To push the bill forward, parties may need to compromise on the effective date. One possible plan is: the bill passes in 2027, but the enforcement of the conflict of interest clauses is delayed until 2029 or after the next presidential inauguration. This approach can advance the bill while avoiding immediate constraints on the current administration.

TD Cowen believes that such a delay might actually provide buffer space for all parties, reducing short-term political friction.

Industry Realities

Timeline Expected Situation Political Variables
2026 Still possible to pass High election uncertainty
2027 More likely to pass Clearer power landscape post-election
2029 Final rules take effect May require another round of adjustments

Although federal legislation is delayed, the advancement of U.S. crypto policy has not completely stalled. The Senate is expected to hold hearings on the market structure bill in January 2026, indicating ongoing discussions.

Significance for the Market

Long-term demand remains unchanged

Despite legislative delays, establishing clear federal rules is still seen as a long-term necessity for the market. Against the backdrop of accelerated overseas regulation and talent outflow from the U.S., a unified regulatory framework is crucial for industry development.

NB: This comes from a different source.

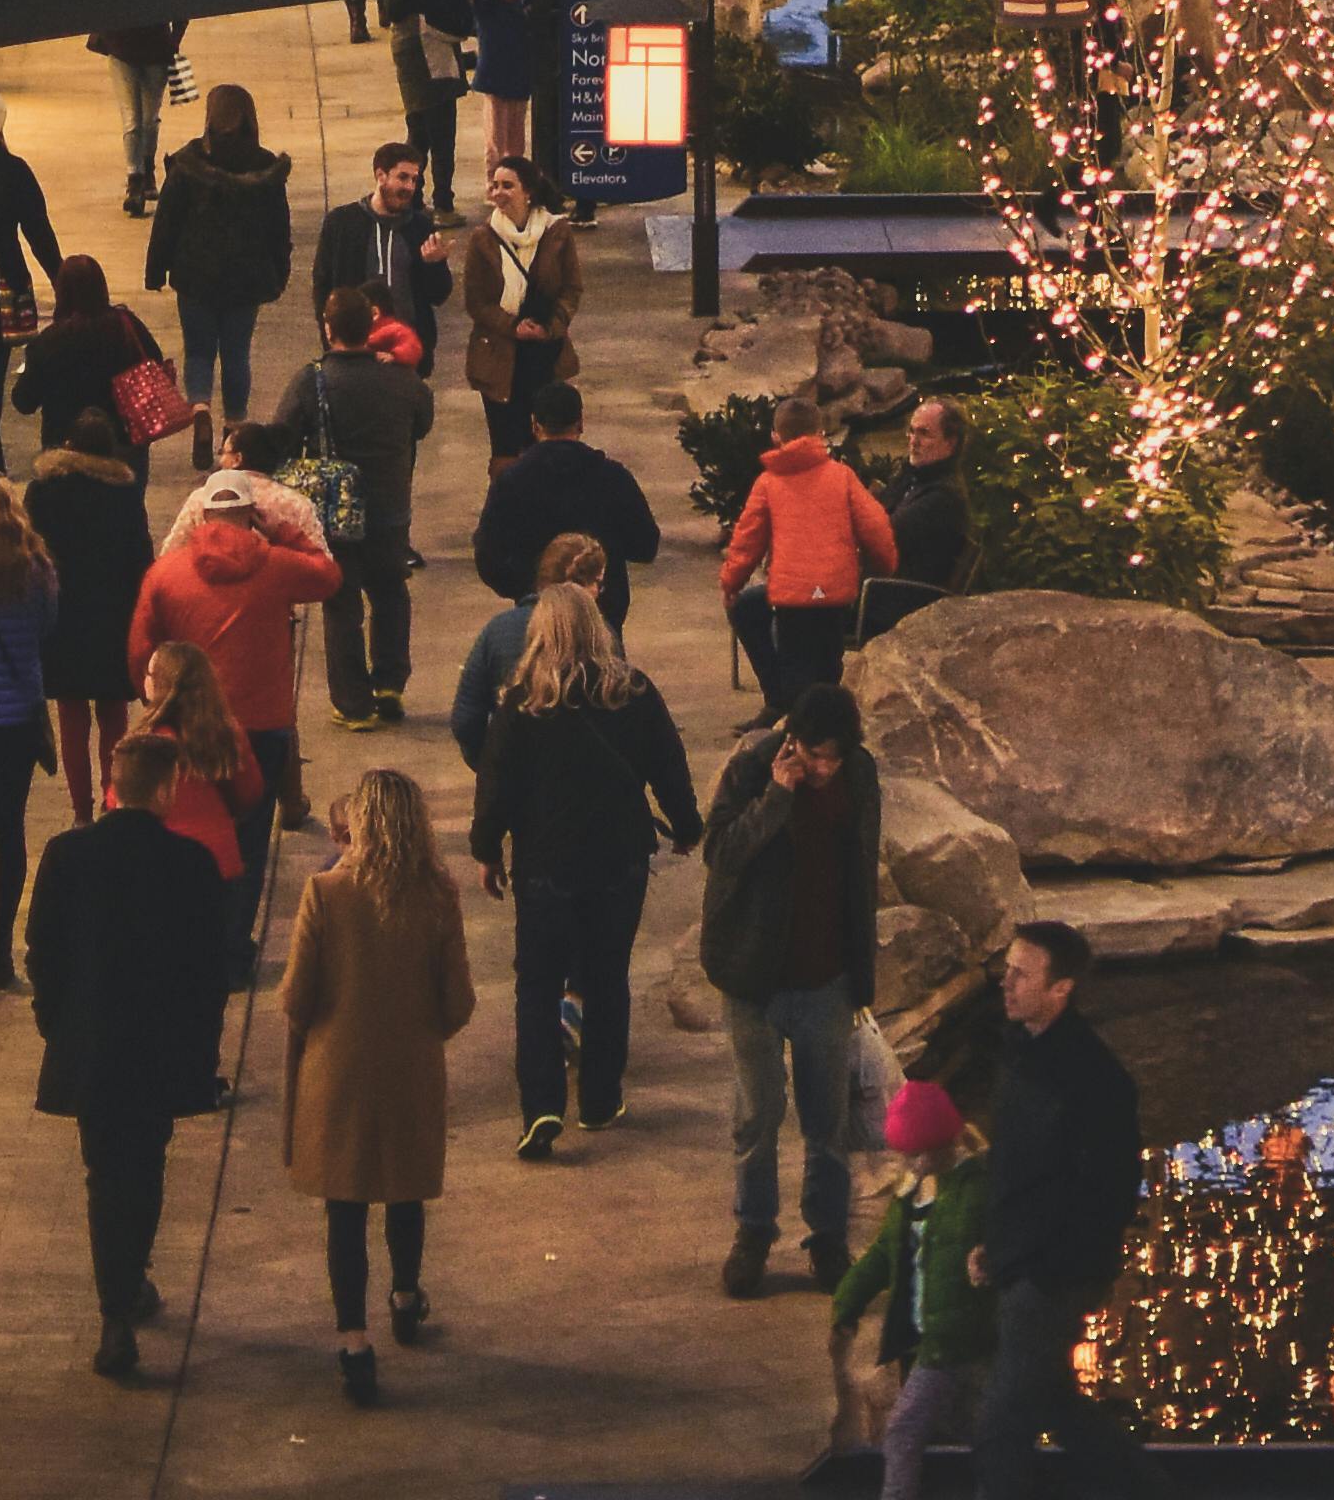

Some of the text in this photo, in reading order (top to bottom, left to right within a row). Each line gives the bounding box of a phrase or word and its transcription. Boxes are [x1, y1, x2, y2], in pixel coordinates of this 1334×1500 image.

[571, 33, 588, 45] Sky
[571, 111, 604, 123] Main
[571, 172, 627, 185] Elevators
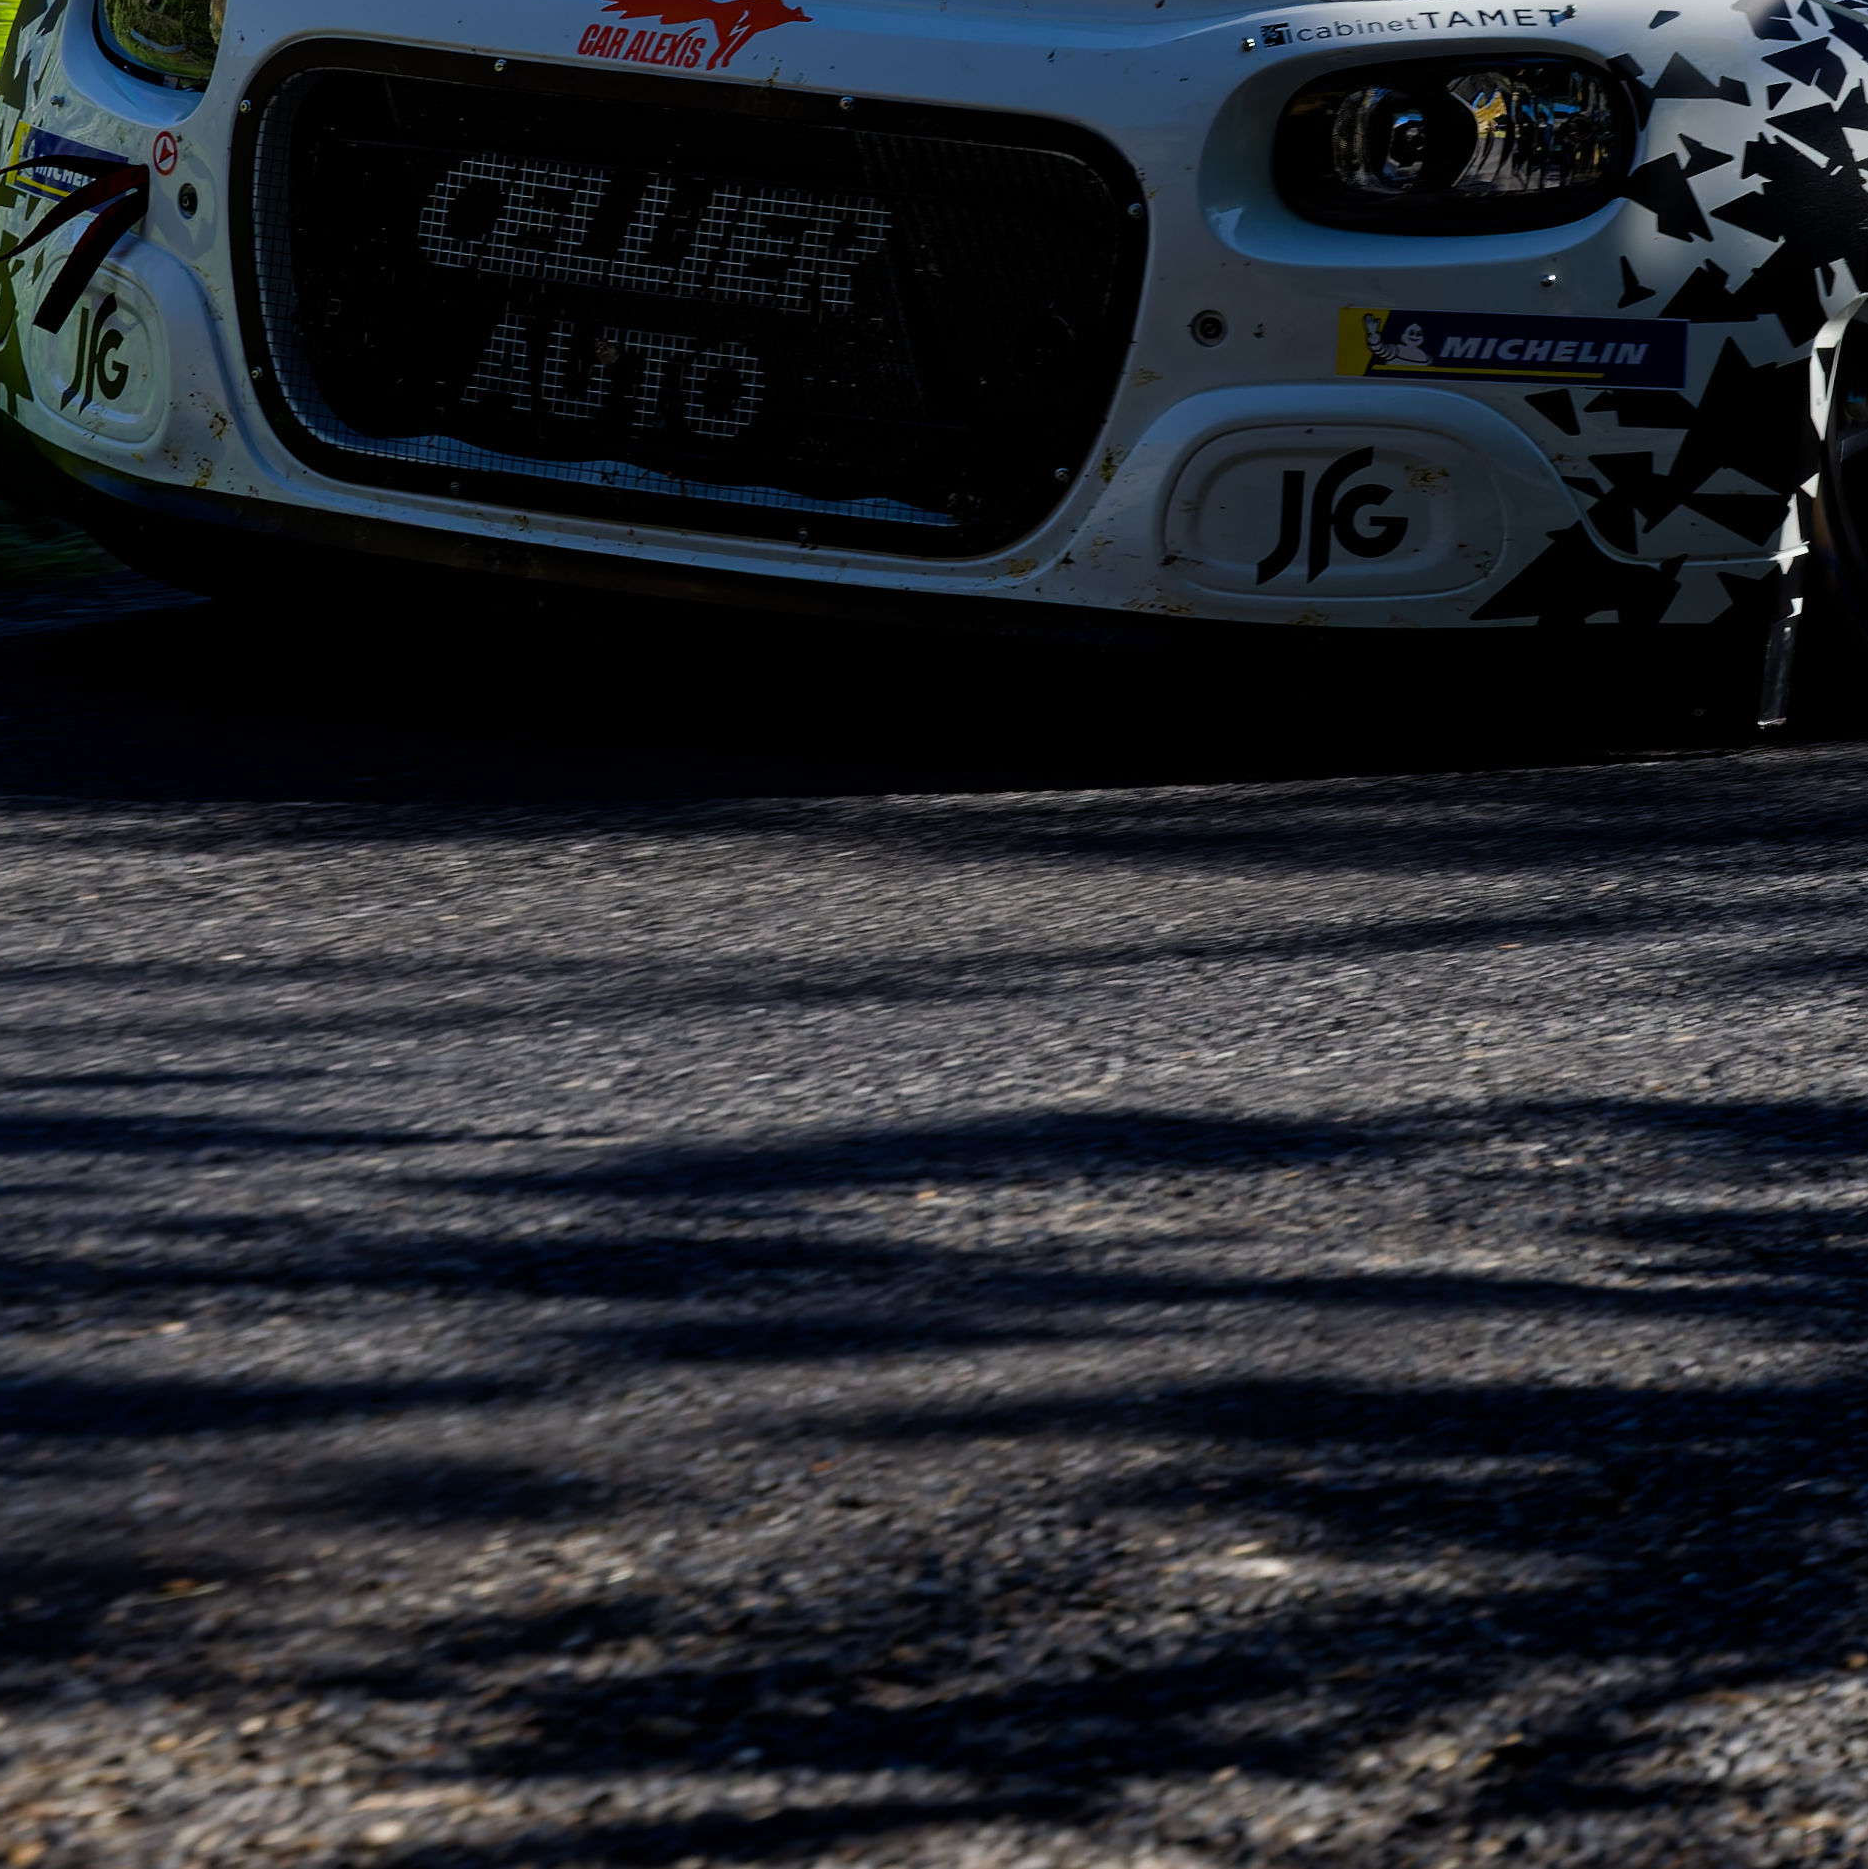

Analyses from Goldman Sachs and others suggest that regulatory clarity will accelerate institutional capital inflows into crypto markets. This means that once the bill is finally enacted, it could unleash institutional demand suppressed by policy uncertainty.

Short-term uncertainty

Political games introduce short-term uncertainty. The market needs to prepare for the potential impact of election results on the final regulatory framework. Different congressional majorities could have substantial influence over crypto regulation directions.

Summary

The delay in U.S. crypto legislation essentially reflects a reality: under democratic systems, political cycles often outweigh policy logic. The uncertainty of the 2026 midterm elections means Democrats lack motivation to push the bill now, and Trump-era officials also have reservations about clauses involving their own interests.

The outcome of this delay game is that the industry must prepare for a long wait. But from another perspective, postponement might also provide more room for negotiation, ultimately leading to a more balanced regulatory framework. The key point is that this is not about policy content but purely about political timing. The market should prepare for the new variables in 2027.